With the introduction of Kubernetes aka K8, we were able to solve the problem of microservice/container reliability and robustness at cloud level. The applications no longer needed to have knowledge of their host node or communication security strategy with peer services as it was taken care at orchestrator level.
The approach suggested here tries to exploit this by bringing K8 into the fog layer. The idea is to use fog layer components like Routers, Switches to run lightweight applications and the orchestration engine itself. The Raspberry PIs (or any other smart ecosystem component for that matter) can act as worker nodes for k8 and run “services” which in turn talk to sensors. All such services are bound by the firewall and cannot access the internet and vice versa.
Since K8 needs a stable master node, a switch might serve the purpose just fine. To have multiple node K8, we could use both routers and switches for this purpose. All the other routers, and all raspberry pi would act as a worker node. While adding pi as worker nodes, they need to be labelled to determine where they being used in actual scenario. For instance, Pi A and B are for getting lathe machine sensor data (considering a Manufacturing factory use case) and Pi C is to monitor the water tank. Then A and B goes with the label “Lathe” and C with “Tank” (A and B can be distinguished using “location” label).
- “Controller Service”: This includes services like client side dashboards, data analysis for sensitive data and other logic definitions.
- “Sensor Service”: These are the ones that get data from sensors and perform logic operations, if any. These services have to be configured to run on particular raspberry pis based on their label (“Lathe”, “Tank”…). Each Pi unit can in-fact consist of 2 Raspberry PIs, second pi being the backup node. The actuators based services will be very much similar to these which would trigger an action rather than sucking data out of it.
- MQTT message queue: A light weight MQTT based broker for internal message/sensor data handling. All the sensor services can directly dump data or talk to other services using it. Same can be used to ask an actuators based service to trigger an action. This would be an open queue accessible throughout the internal network.
- MQTT KAFKA Bridge: This is the place where data gets “ready” to penetrate the firewall. We take all the necessary “topics” from the queue, filter the messages if required, and put them into the external Kafka queue. This will act as both producer and consumer for Kafka and needs access to internet and should be allowed by the firewall.
- Apache Kafka: Since it is well suited for both online and batch processing tasks, it is a good, if not obvious, choice. Data gets out of firewall for the first time. It is a single message queue for all the clients and has to be highly scalable and robust. The client authentication is done using TLS certificates. The data is consumed by various cloud services as shown and could be used to send messages back and forth b/w client and cloud.

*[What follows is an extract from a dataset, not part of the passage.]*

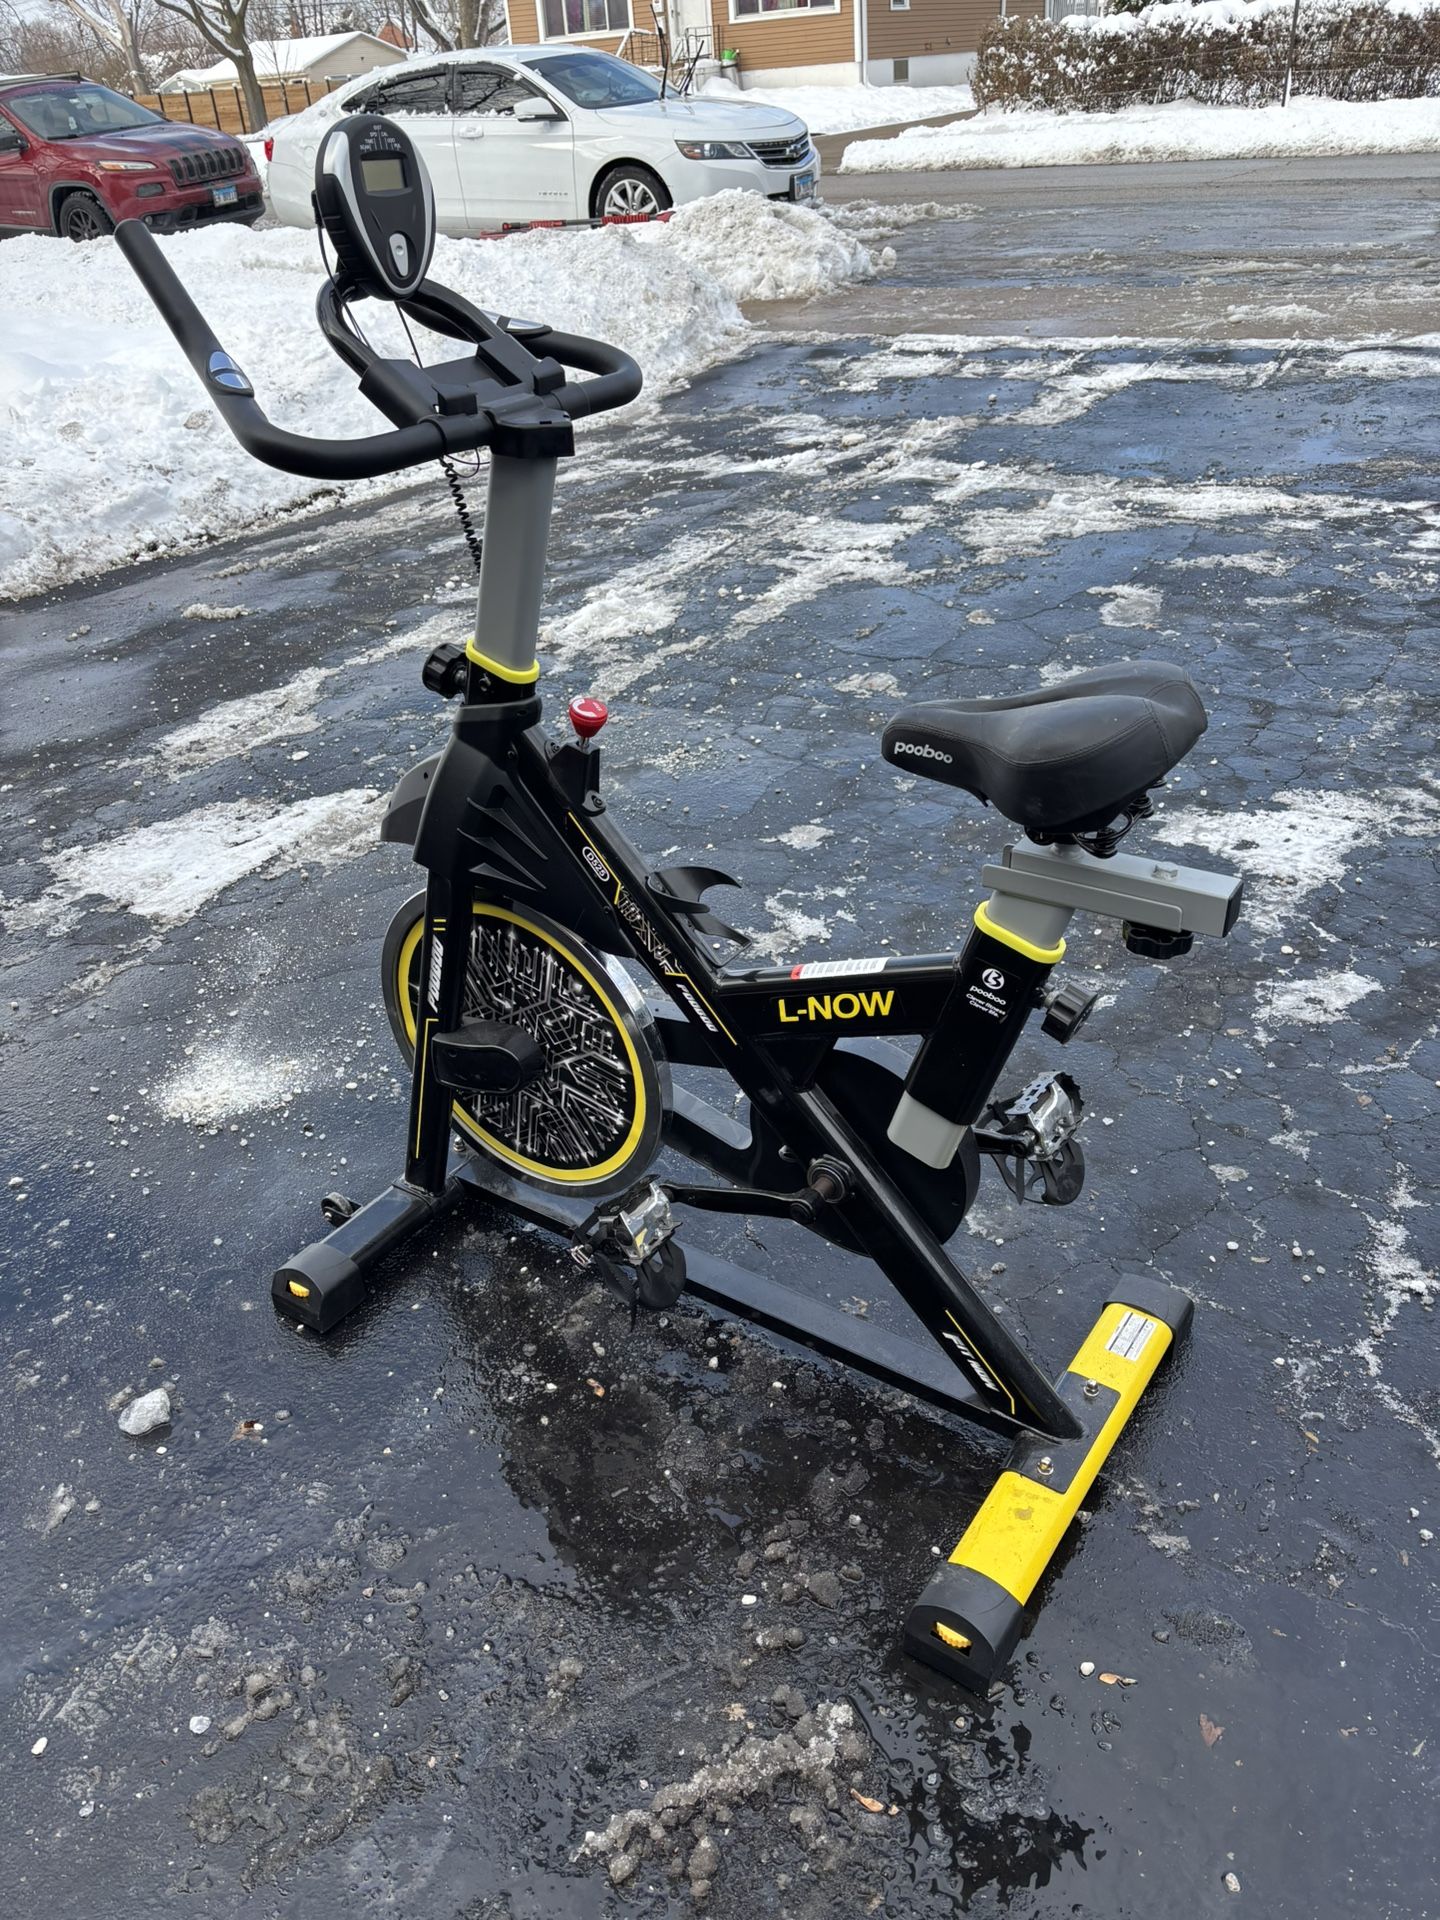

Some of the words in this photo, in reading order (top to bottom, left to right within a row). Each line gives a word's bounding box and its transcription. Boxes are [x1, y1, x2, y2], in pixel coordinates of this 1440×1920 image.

- K8 API Server and other infra based services: The kube API server runs on master node and should be accessible from outside. Other services like logging, monitoring etc could use the same apache kafka queue to dump messages and can be taken care of at the cloud platform level (local setup remains light this way and client does not need to care about these services).

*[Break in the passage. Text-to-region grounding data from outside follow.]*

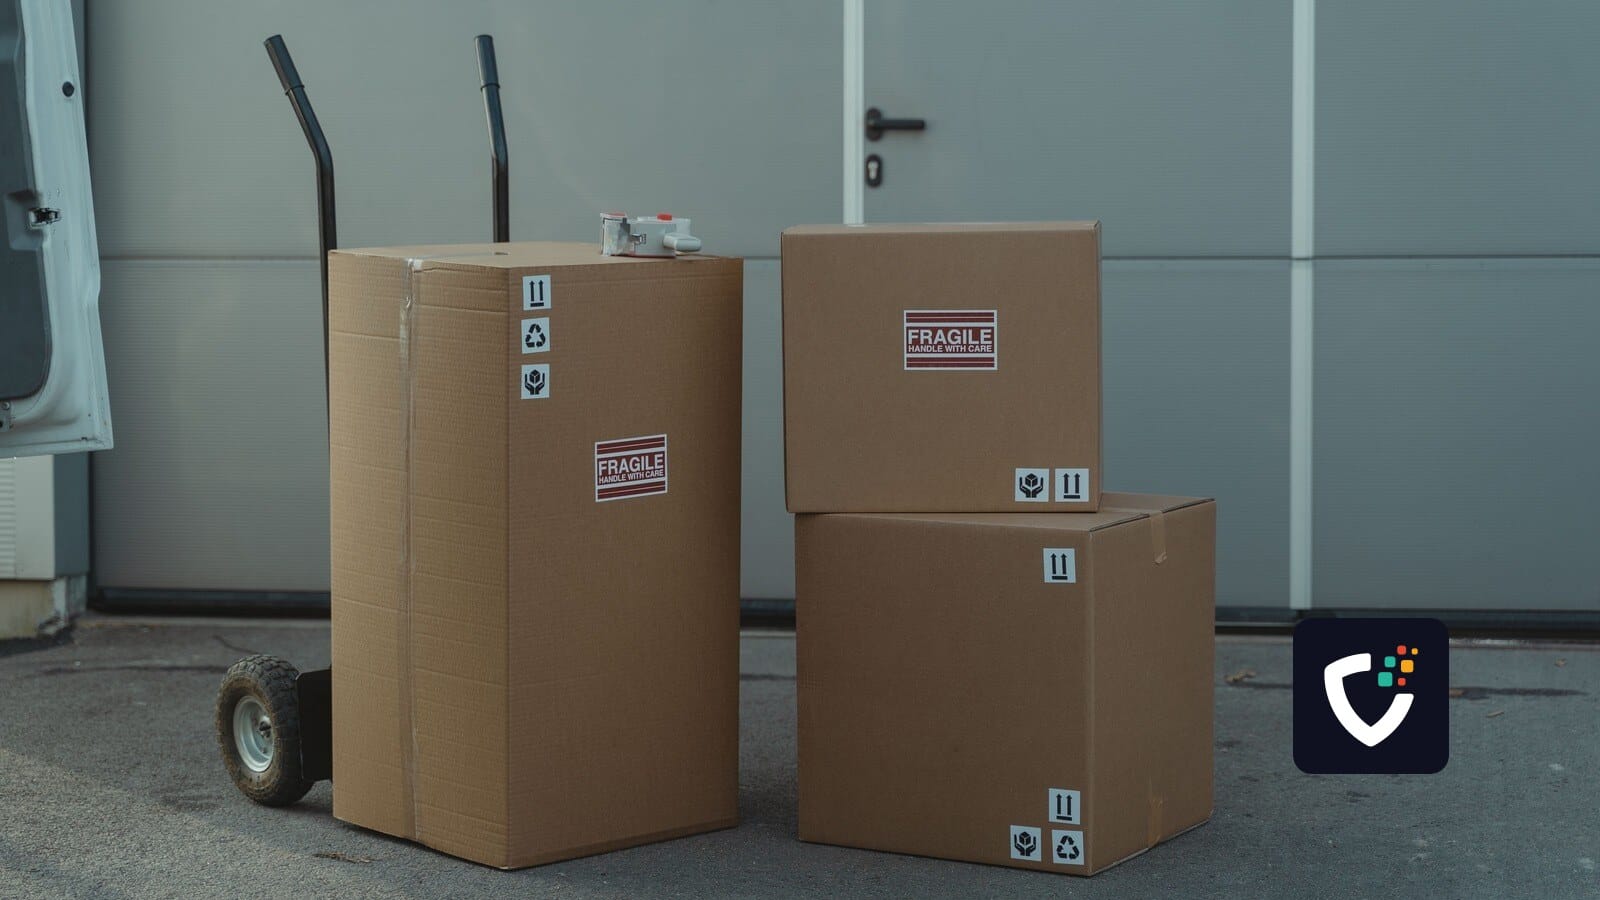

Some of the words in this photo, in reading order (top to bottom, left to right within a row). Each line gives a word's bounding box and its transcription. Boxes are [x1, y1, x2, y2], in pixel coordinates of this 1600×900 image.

[908, 329, 992, 345] FRAGILE
[908, 345, 943, 353] HANDLE
[945, 345, 966, 353] WITH
[968, 345, 992, 353] CARE
[598, 454, 664, 476] FRAGILE
[598, 474, 626, 484] HANDLE
[627, 471, 644, 481] WITH
[645, 469, 664, 478] CARE
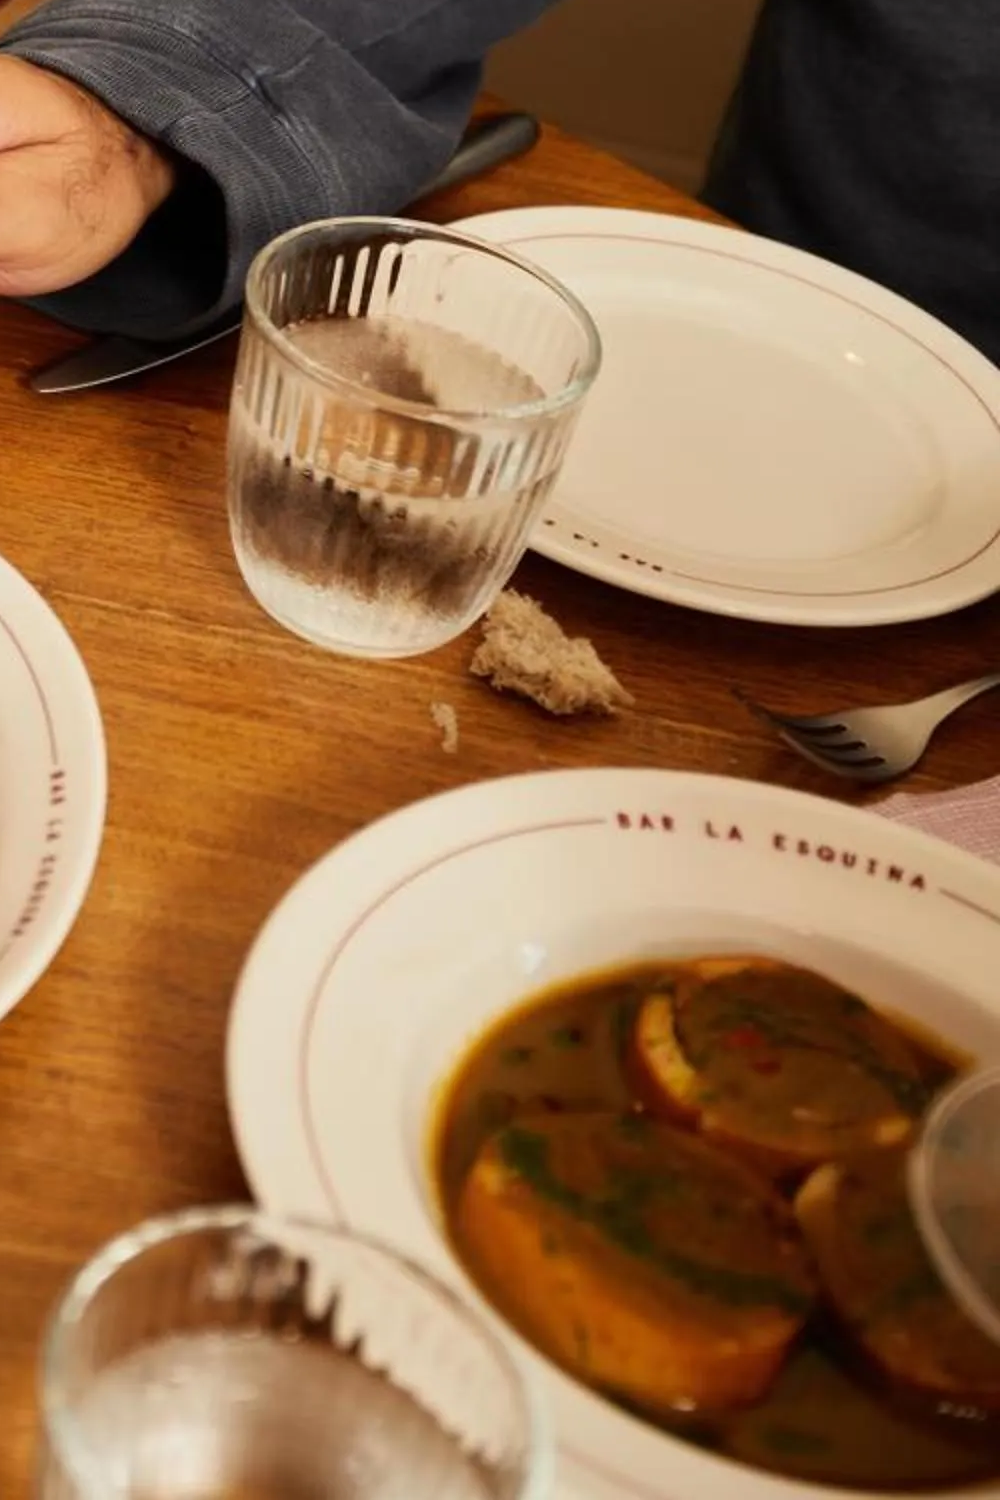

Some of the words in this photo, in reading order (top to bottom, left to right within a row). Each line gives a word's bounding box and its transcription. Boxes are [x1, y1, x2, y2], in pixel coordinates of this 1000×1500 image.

[616, 812, 676, 832] BAR
[705, 819, 744, 842] LA
[772, 832, 926, 891] ESQUINA

Security: We try to make the system more secure by first, having services and devices constrained under firewall, with only one point of exposure (the mqtt-kafka bridge) where the data is filtered and transferred onto Kafka using TLS certificates to authenticate the identity.
Robustness: We use Kubernetes, the container orchestrator, to make the services reliable in the client ecosystem. If the sensor services now go down or do not respond, K8 can automatically spin up another instance of it on a “similar” node (with same labels as this one).

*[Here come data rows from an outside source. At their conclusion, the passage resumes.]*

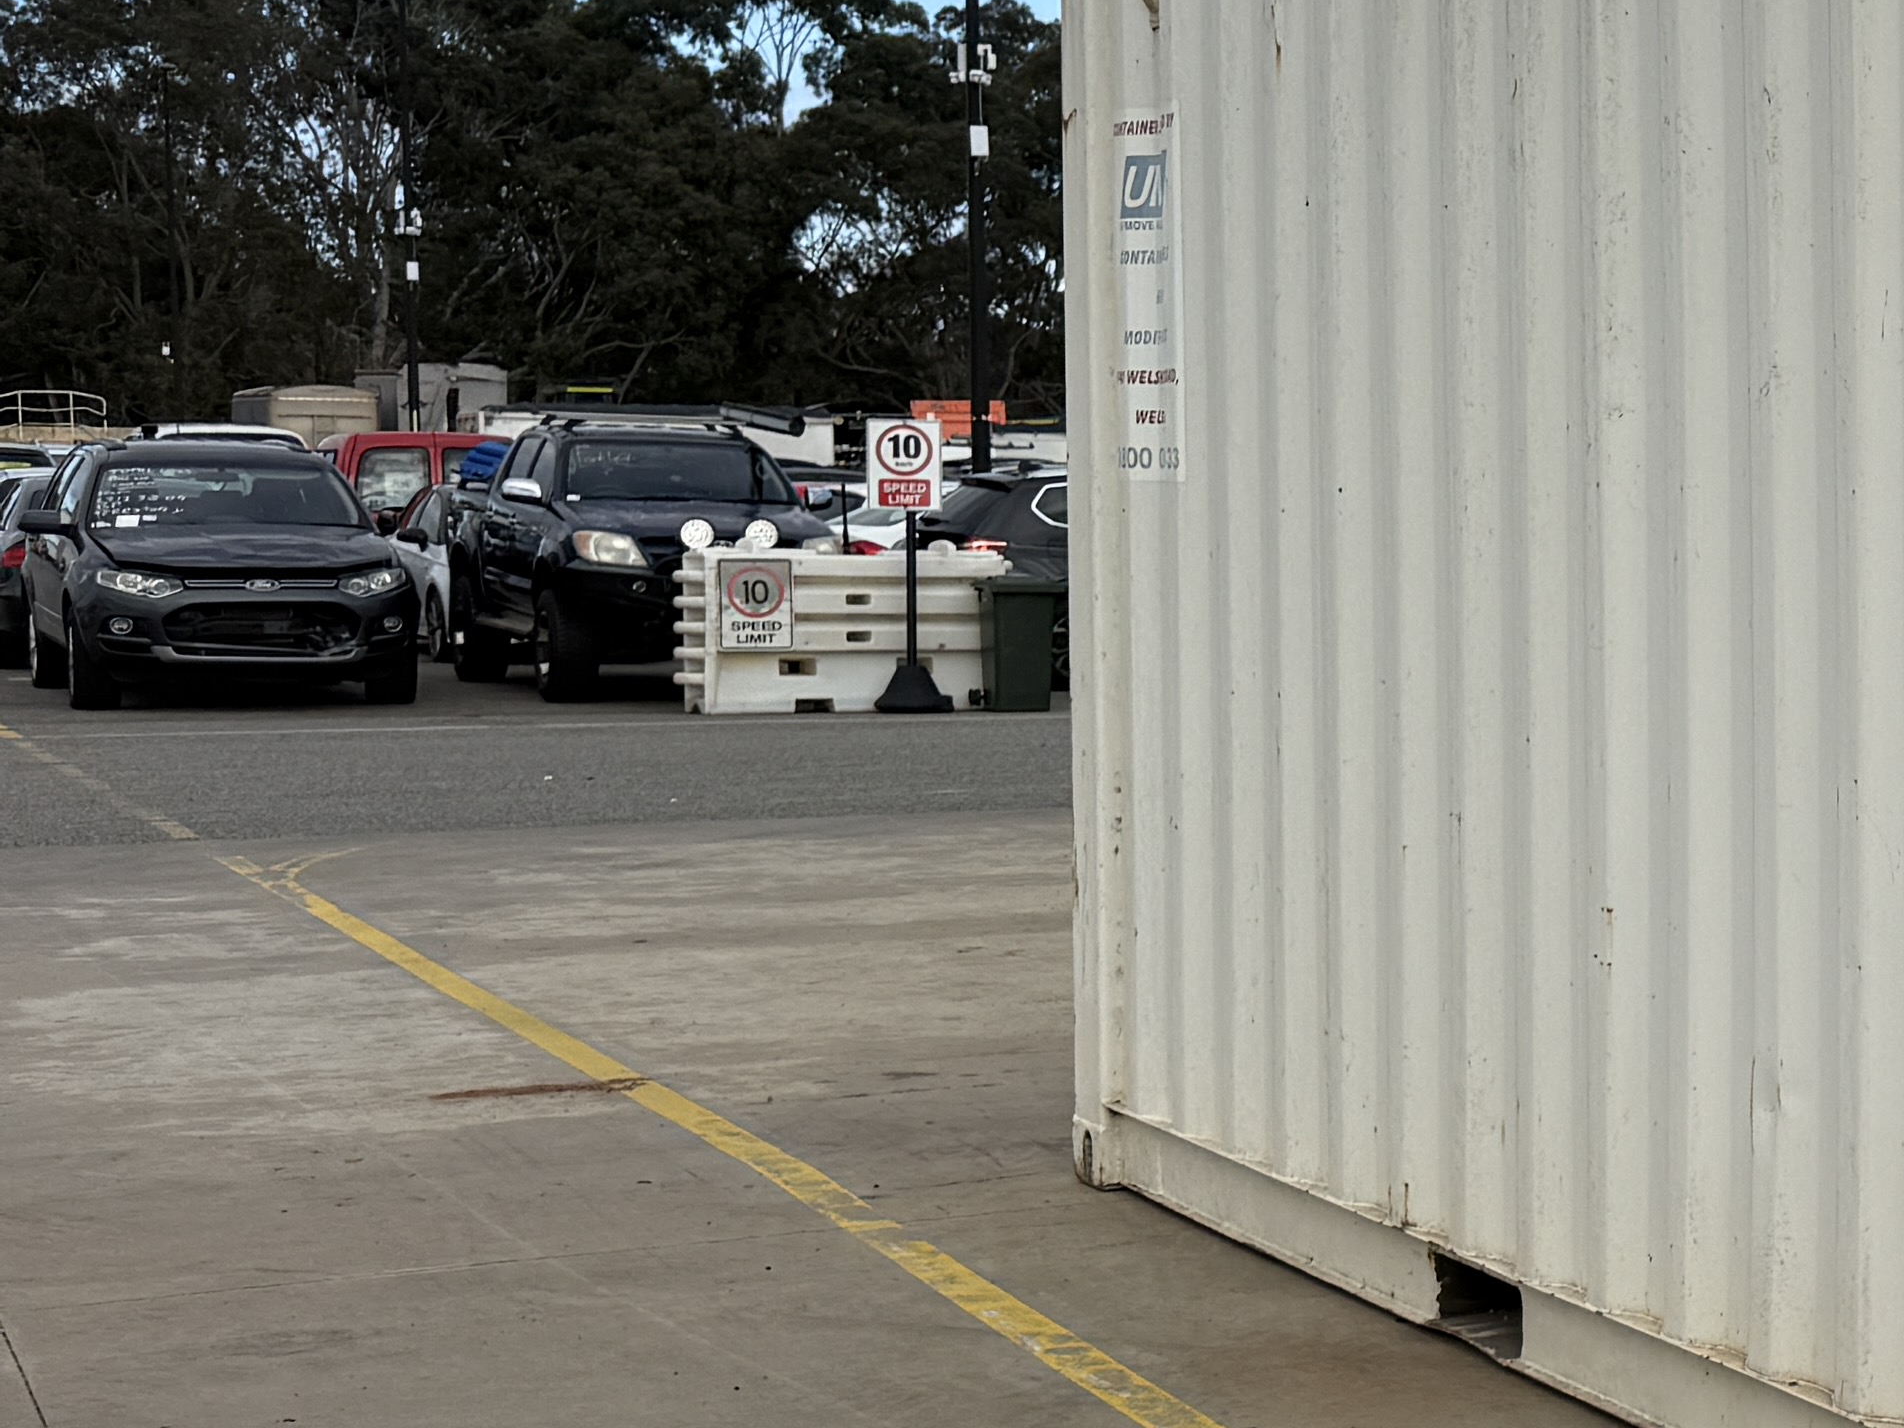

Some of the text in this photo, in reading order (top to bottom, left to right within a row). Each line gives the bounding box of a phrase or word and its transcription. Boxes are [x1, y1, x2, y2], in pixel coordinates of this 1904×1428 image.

[887, 434, 922, 459] 10
[883, 482, 927, 494] SPEED
[887, 494, 922, 505] LIMIT
[742, 579, 769, 605] 10
[731, 620, 782, 632] SPEED
[736, 633, 776, 644] LIMIT

The software updates can now be online as well, as the kube-api service is exposed and managed by the cloud itself. Adding new raspberry pis to system could be fairly easy. Just plug the Pi, get its IP, and use Kube Admin to configure a new worker node with appropriate labels. Although, the system where we could have the “Plug and Play” functionality in raspberry Pi, where K8 can somehow discover a new worker, is still not clear.
Please share your views on how can we improve this architecture and if it can fit in your scenario.